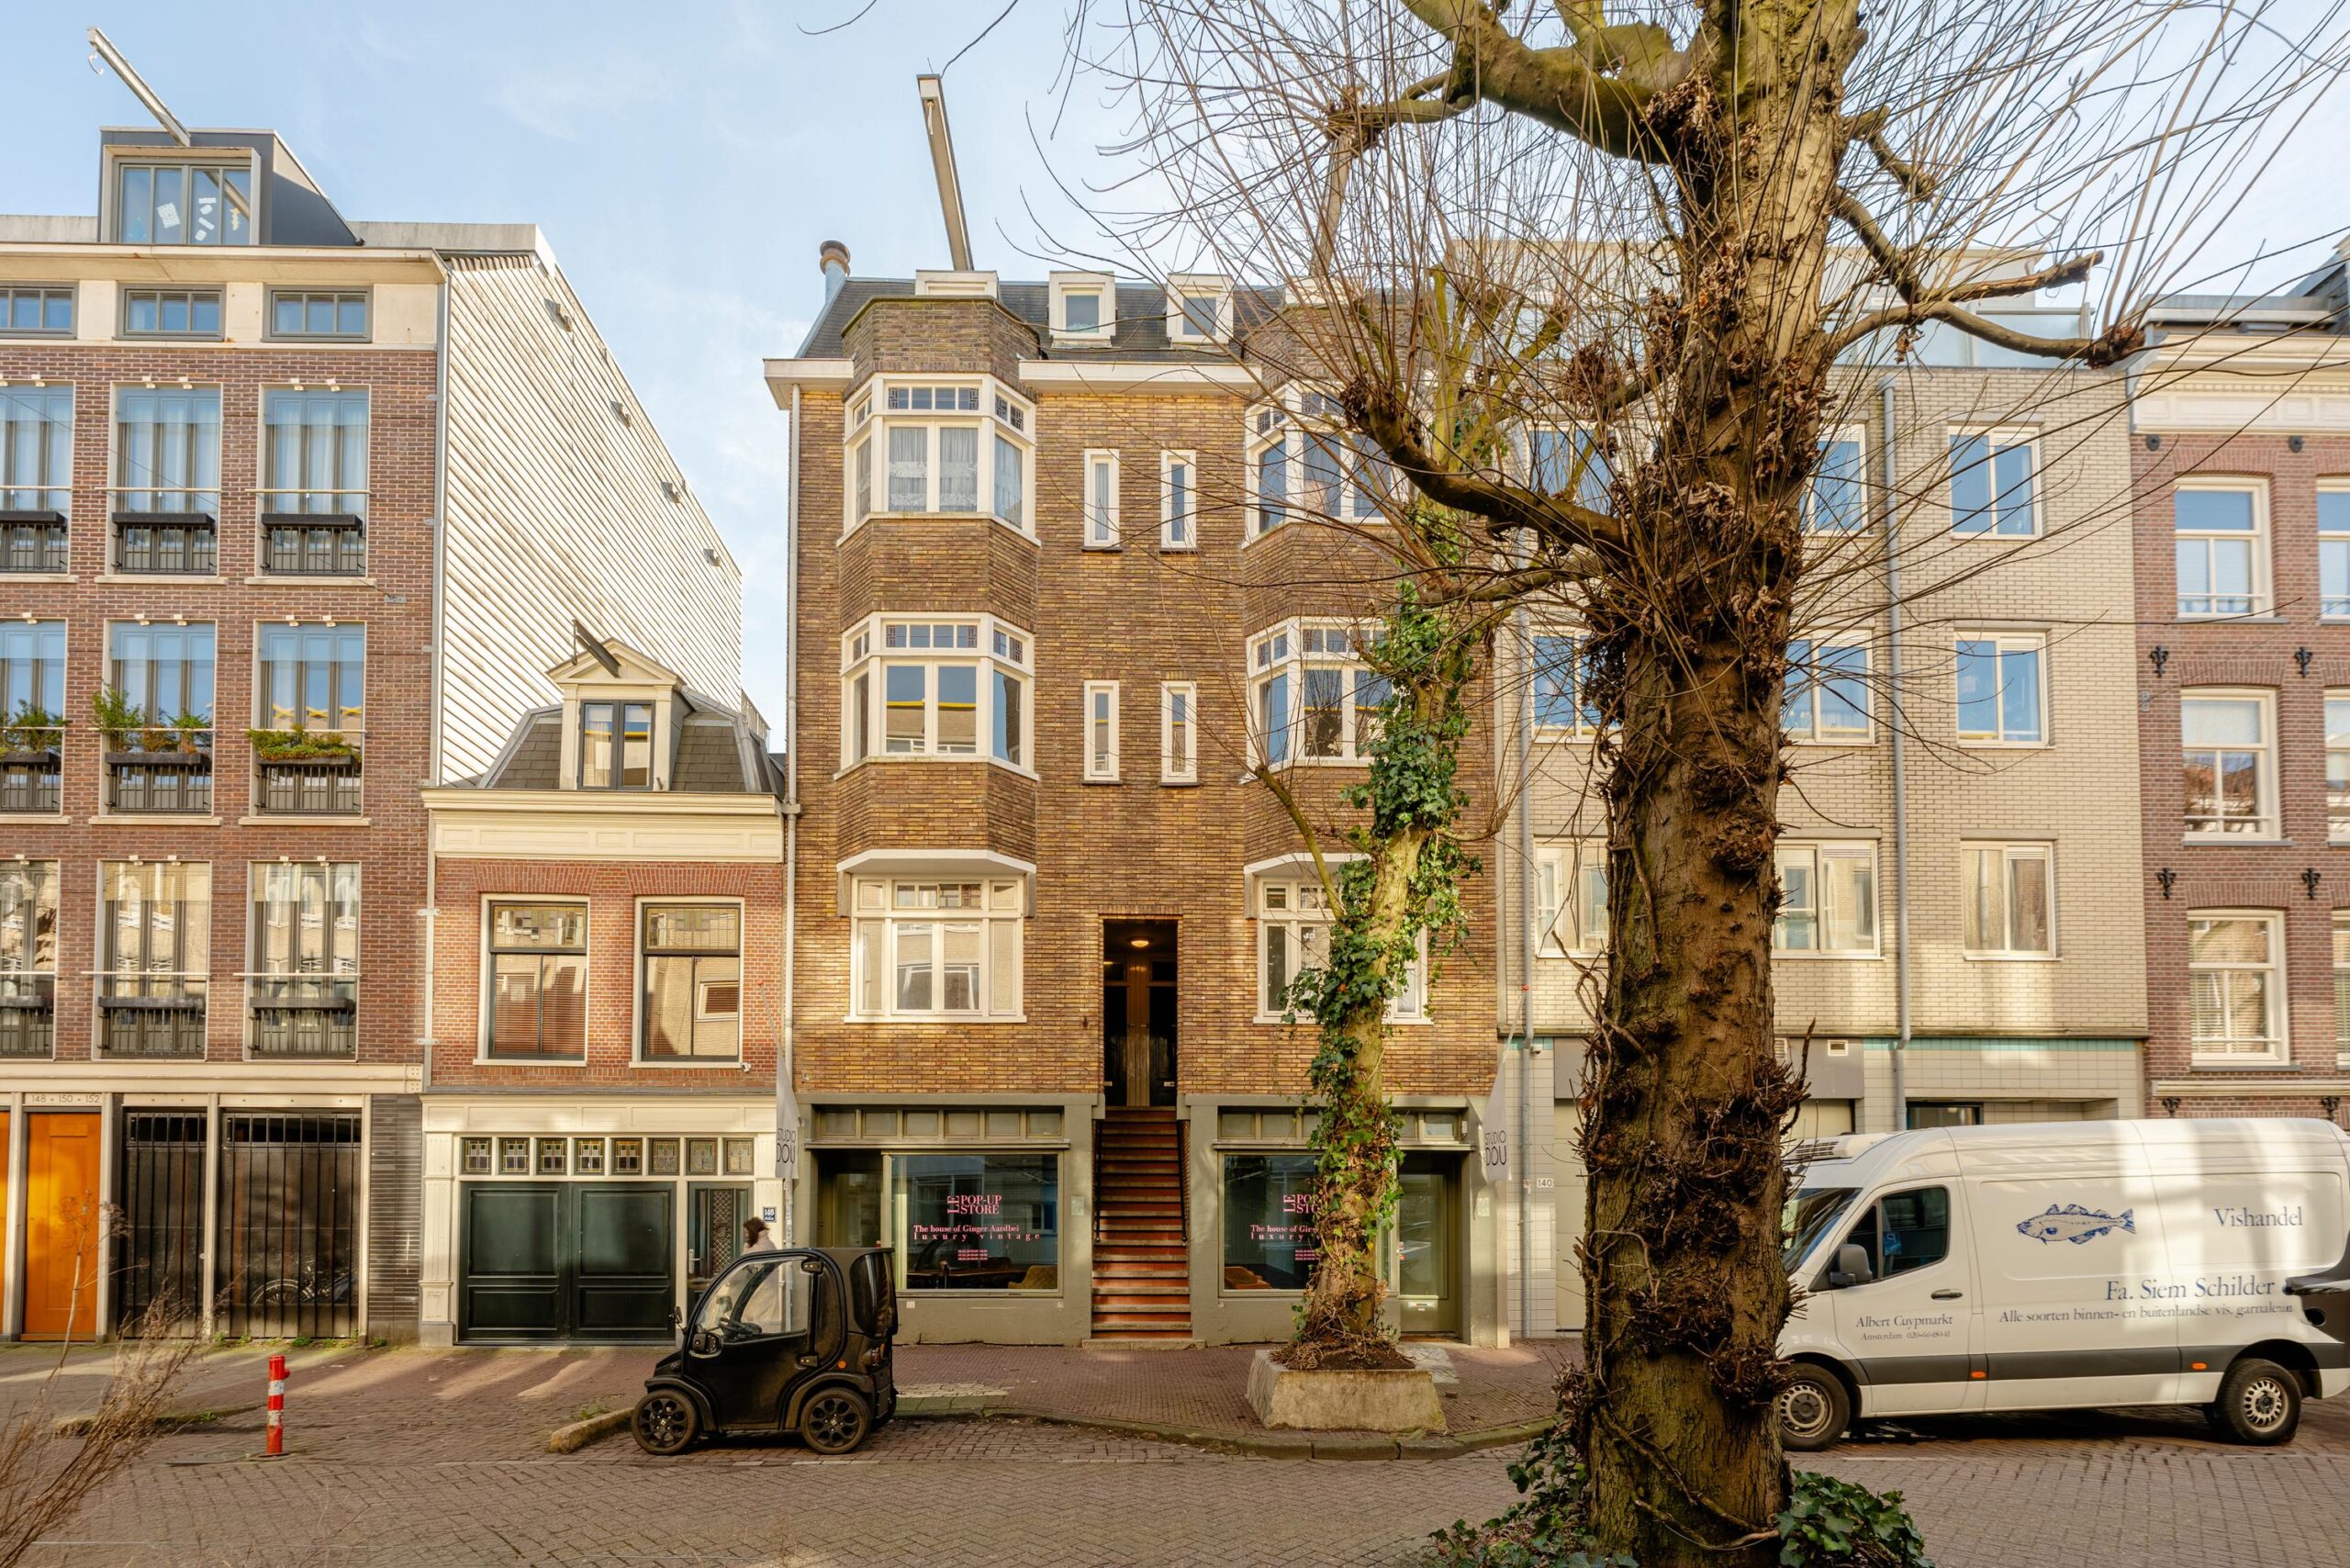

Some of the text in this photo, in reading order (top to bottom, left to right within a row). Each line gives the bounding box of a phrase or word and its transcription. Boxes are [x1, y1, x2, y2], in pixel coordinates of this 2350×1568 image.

[31, 1094, 100, 1103] 148 150 152
[778, 1127, 796, 1143] STUDIO
[1484, 1130, 1506, 1146] STUDIO
[776, 1143, 796, 1164] DOU
[1485, 1145, 1507, 1166] DOU
[1538, 1179, 1552, 1187] 140
[960, 1194, 1002, 1205] POP-UP
[960, 1204, 1000, 1215] STORE
[2212, 1205, 2303, 1227] Vishandel
[913, 1225, 1020, 1234] The house of Ginger Aardbei
[1250, 1225, 1265, 1233] The
[1267, 1225, 1288, 1233] house
[1289, 1225, 1297, 1233] of
[913, 1233, 1041, 1242] luxury vintage
[1250, 1232, 1304, 1242] luxury
[2106, 1275, 2276, 1301] Fa. Siem Schilder
[1999, 1310, 2023, 1323] Alle
[2026, 1311, 2070, 1322] soorten
[2073, 1308, 2119, 1321] binnen-
[2121, 1310, 2136, 1319] en
[2140, 1304, 2210, 1318] buitenlandse
[1856, 1314, 1953, 1329] Albert Cuypmarkt
[1861, 1332, 1903, 1341] Amsterdam
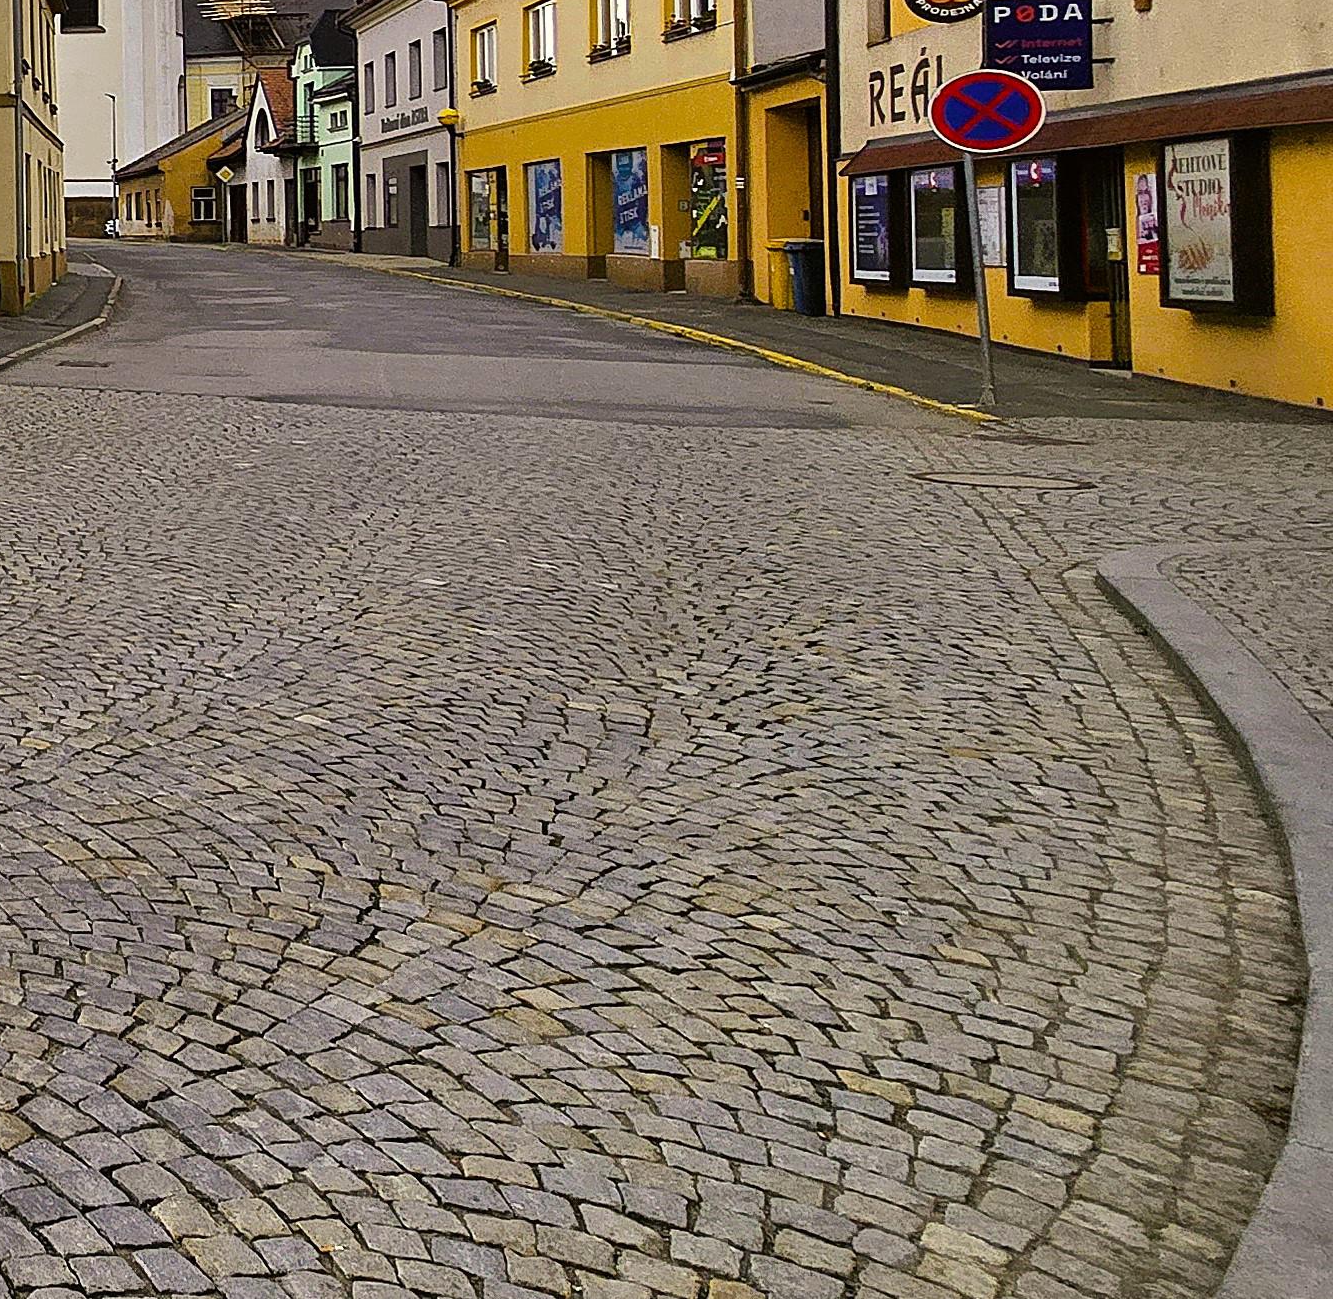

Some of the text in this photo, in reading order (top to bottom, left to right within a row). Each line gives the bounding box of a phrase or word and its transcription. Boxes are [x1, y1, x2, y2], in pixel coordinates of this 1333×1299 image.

WHAT THE EXERCISE ASKS :: This calls for an exact copy of all the entries above, with the pictures omitted.

WRITTEN RESPONSE ::
Some of the text in this photo, in reading order (top to bottom, left to right within a row). Each line gives the bounding box of a phrase or word and its transcription. Boxes are [x1, y1, x2, y2], in pixel coordinates of this 2350×1568 image.

[31, 1094, 100, 1103] 148 150 152
[778, 1127, 796, 1143] STUDIO
[1484, 1130, 1506, 1146] STUDIO
[776, 1143, 796, 1164] DOU
[1485, 1145, 1507, 1166] DOU
[1538, 1179, 1552, 1187] 140
[960, 1194, 1002, 1205] POP-UP
[960, 1204, 1000, 1215] STORE
[2212, 1205, 2303, 1227] Vishandel
[913, 1225, 1020, 1234] The house of Ginger Aardbei
[1250, 1225, 1265, 1233] The
[1267, 1225, 1288, 1233] house
[1289, 1225, 1297, 1233] of
[913, 1233, 1041, 1242] luxury vintage
[1250, 1232, 1304, 1242] luxury
[2106, 1275, 2276, 1301] Fa. Siem Schilder
[1999, 1310, 2023, 1323] Alle
[2026, 1311, 2070, 1322] soorten
[2073, 1308, 2119, 1321] binnen-
[2121, 1310, 2136, 1319] en
[2140, 1304, 2210, 1318] buitenlandse
[1856, 1314, 1953, 1329] Albert Cuypmarkt
[1861, 1332, 1903, 1341] Amsterdam

Some of the text in this photo, in reading order (top to bottom, left to right within a row). Each line gives the bounding box of a phrase or word and its transcription. Boxes are [x1, y1, x2, y2], in pixel coordinates of this 1333×1299 image.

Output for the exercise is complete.